L’errore del capitalismo.
“il capitale, pena di suicidio, non
può incidere oltre una certa cifra sul dato lavoro e questo non può
andare oltre un certo segno nei confronti del capitale.” MUSSOLINI Convegno n Palazzo Chigi, 20 dicembre 1923 .
Si può infatti sopprimere la lotta di
classe in quanto umilia l’autorità dello Stato togliendogli il pieno
possesso delle forze produttive; ma al tempo stesso si può anche
prendere conoscenza delle sperequazioni economiche e morali che essa
esprime ed affidarne la soluzione allo Stato, perché la giustizia
sociale sia raggiunta senza inutile dispendio di energie umane e
spirituali. In particolare la dottrina fascista ritiene che l’ascesa
incontrollata del capitale, determinata dallo sviluppo della civiltà
industriale, si sia effettivamente conclusa con un grave disconoscimento
dei diritti dei lavoratori e che tali diritti in un ordinamento equo
debbano ricevere una tutela più sicura ed efficiente di quella che non
sia stata ad essi riservata dallo Stato liberale. Se è quindi necessario
che il proletariato rientri nei ranghi dello Stato e rinunzi alla
conquista violenta delle posizioni perdute, è egualmente necessario che
il capitale abbandoni contemporaneamente il campo di battaglia e si
consegni esso pure allo Stato, affidandogli senza riserve il compito di
dirimere la controversia. Infatti anche il capitale, in quanto si porti
sul piano determinato dalla lotta di classe, in quanto pretenda di
respingere direttamente l’insurrezione del proletariato, si estranea
alla totalità dello Stato e gli disconosce la funzione di supremo
regolatore delle forze sociali che esistono nel suo ambito. Nell’atto in
cui si pongono come elementi contrapposti della lotta di classe, né il
proletariato né il capitale meritano attenuanti l’uno nei confronti
dell’altro; qualunque possa essere la consistenza delle loro ragioni
sociali, essi compiono la medesima negazione dello Stato, pervenendo
alle medesime conseguenze. Per questo lo sciopero e la serrata debbono
egualmente condannarsi come forme di ribellione contro lo Stato
sostanzialmente equivalenti nelle loro premesse ideali. La dottrina
fascista non contiene dunque alcuna riserva a favore del capitale contro
il proletariato; ma, ponendosi al disopra degli eccessi dell’uno e
delle esuberanze dell’altro, li giudica entrambi alla stregua di un
principio superiore.
Lotta di classe e interesse nazionale.
« C’è un interesse comune ai datori di lavoro ed ai lavoratori. Guai
a chi varca certi limiti: i datori di lavoro non debbono volere che la
massa dei loro dipendenti viva in condizioni di disagio e di povertà.

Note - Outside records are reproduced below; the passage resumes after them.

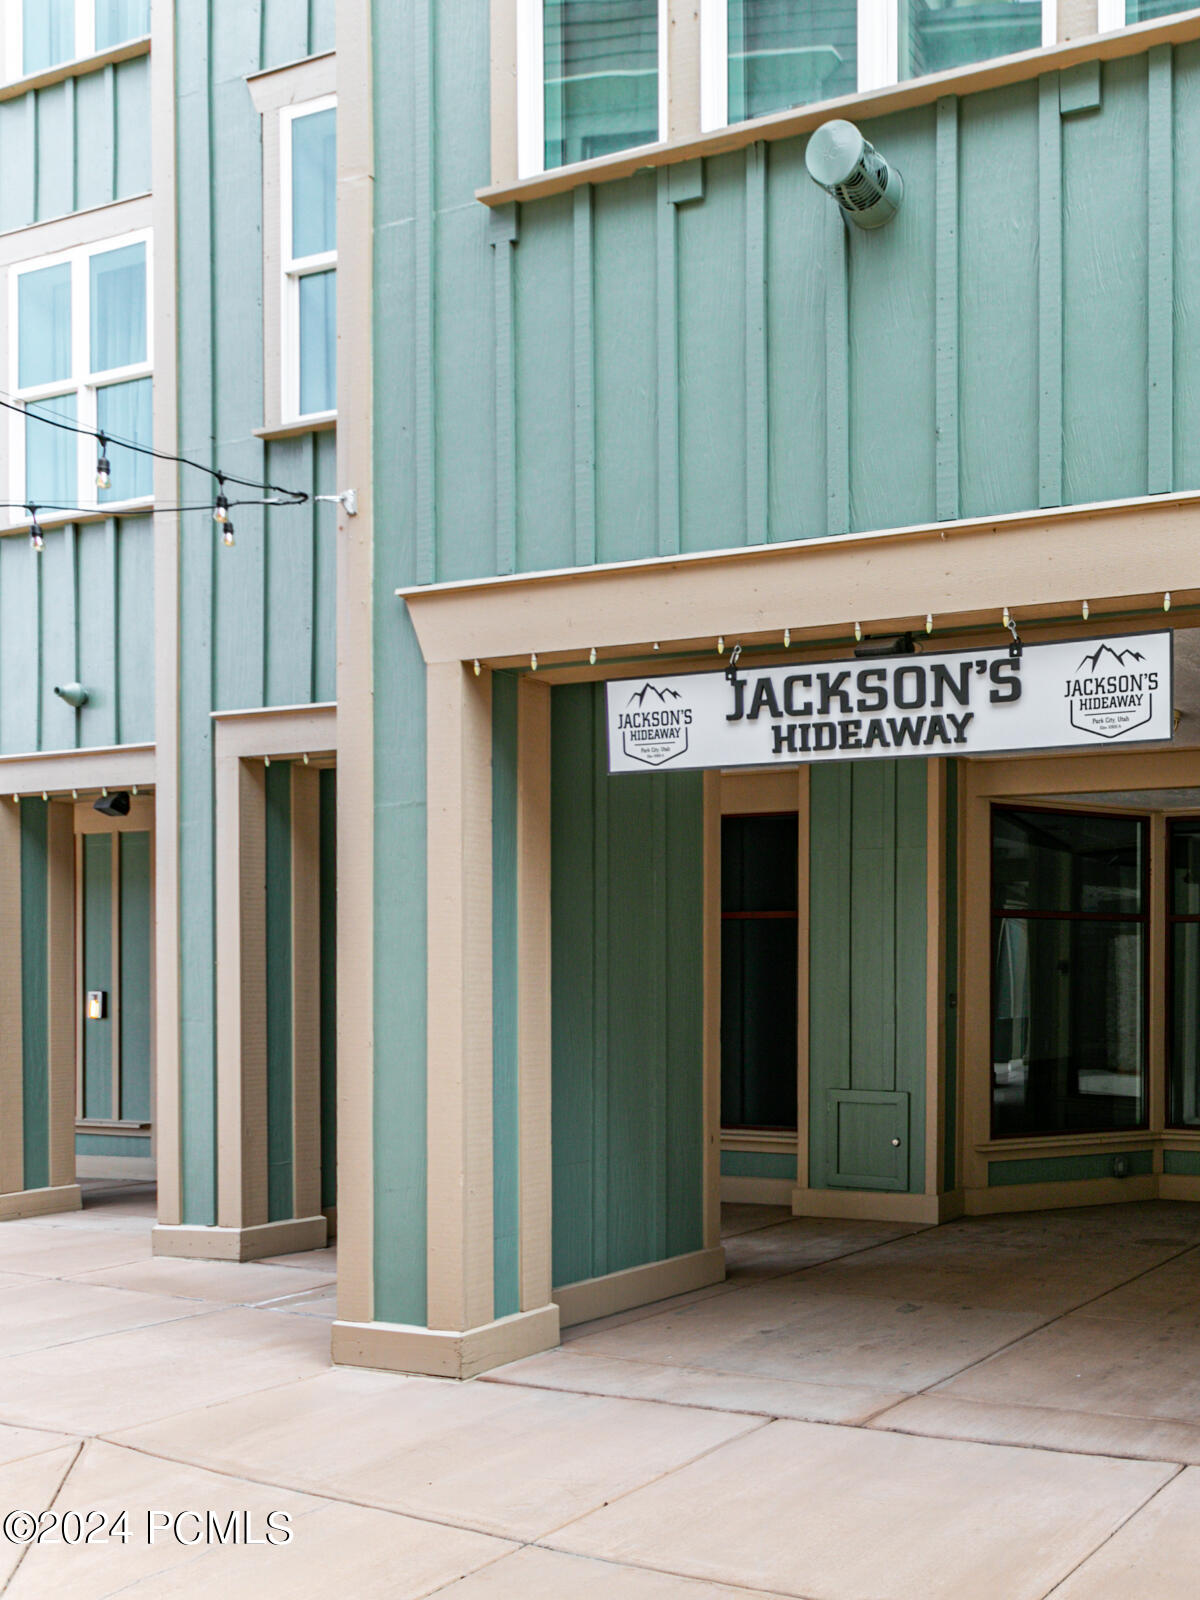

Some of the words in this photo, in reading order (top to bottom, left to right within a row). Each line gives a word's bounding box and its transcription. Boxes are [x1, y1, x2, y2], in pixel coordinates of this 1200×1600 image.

[726, 658, 1022, 721] JACKSON'S
[1064, 672, 1159, 698] JACKSON'S
[1080, 694, 1144, 711] HIDEAWAY
[618, 708, 693, 730] JACKSON'S
[630, 727, 681, 742] HIDEAWAY
[771, 712, 975, 754] HIDEAWAY

Non è nel loro interesse nè è nell’interesse della Nazione. D’altra
parte i lavoratori non debbono chiedere alla industria ciò che
l’industria non può sopportare» MUSSOLINI, Agli operai di Monte Amiata 31 agosto 1934.
Il principio superiore dal quale la
dottrina fascista giudica la contesa fra il capitale ed il proletariato è
quello dell’interesse della Nazione, cioè della comunità dove il
capitale e il proletariato appaiono come elementi integranti ai quali
per nessun motivo può essere consentita un’evasione. Solo in quanto si
creda nell’esistenza di questa comunità e nella sua storica necessità
anche rispetto alle forze particolari che vi sono comprese, si può
intendere la posizione della dottrina fascista. Per essa la Nazione non è
una formula razionale o un vago sentimento; ma una realtà concreta
dalla quale ognuno dei componenti sente di attingere un’energia
indispensabile alla esistenza propria. Per essa l’individuo sente che la
Nazione è una tradizione in lui viva ed operante, in quanto gli assegna
un temperamento, un’educazione,un costume, una cultura, insomma una
qualificazione dinanzi alla vita sociale. L’individuo senza Nazione è
uno sperduto il quale dovrebbe ricominciare dentro se stesso la
spaventosa ed impossibile elaborazione di tutti quei valori morali che
la storia nazionale forma attraverso lente stratificazioni progressive
in un corso più volte secolare. L’individuo senza Nazione è riportato
all’origine dell’umanità e cioè posto nella impossibilità di risolvere,
con la sua breve vita e con le sue modeste risorse tutti i problemi che
le collettività nazionali hanno risolto con una più lunga permanenza e
con più numerose forze. Per questo l’individuo ha un’ interesse diretto e
quasi personale alla efficienza della Nazione e l’interesse di questa
gli si presenta anche come un suo interesse: cioè l’interesse ad
appoggiarsi, ad essere difeso da una realtà più grande, l’interesse a
presentarsi non in nome proprio ma in nome di una personalità più salda,
interesse ad ingigantirsi mediante l’immedesimazione in una vita che
trascende la vita degli uomini e dei gruppi. Questa interpretazione
della necessità nazionale non ha soltanto un valore spirituale, ma anche
un significato concreto che incide pure sulla vita economica. In tanto
le forze della produzione possono accrescersi ordinatamente e resistere
nei momenti critici alle ondate distruttrici che tentano di travolgerle,
in quanto la comunità nazionale, nel pericoloso trapasso da una fase di
prosperità passata ad una fase di prosperità futura, le sorregge con il
suo presidio di energie tradizionali. L’interesse, al quale la dottrina
fascista si riferisce nel giudicare la questione sociale, è dunque
l’interesse della Nazione inteso in un senso umano e realistico, cioè
l’interesse della Nazione veduto come denominatore comune dal quale sono
rappresentati, secondo una proporzione di superiore giustizia, tutti
gli aspetti permanenti e fondamentali dei singoli interessi particolari.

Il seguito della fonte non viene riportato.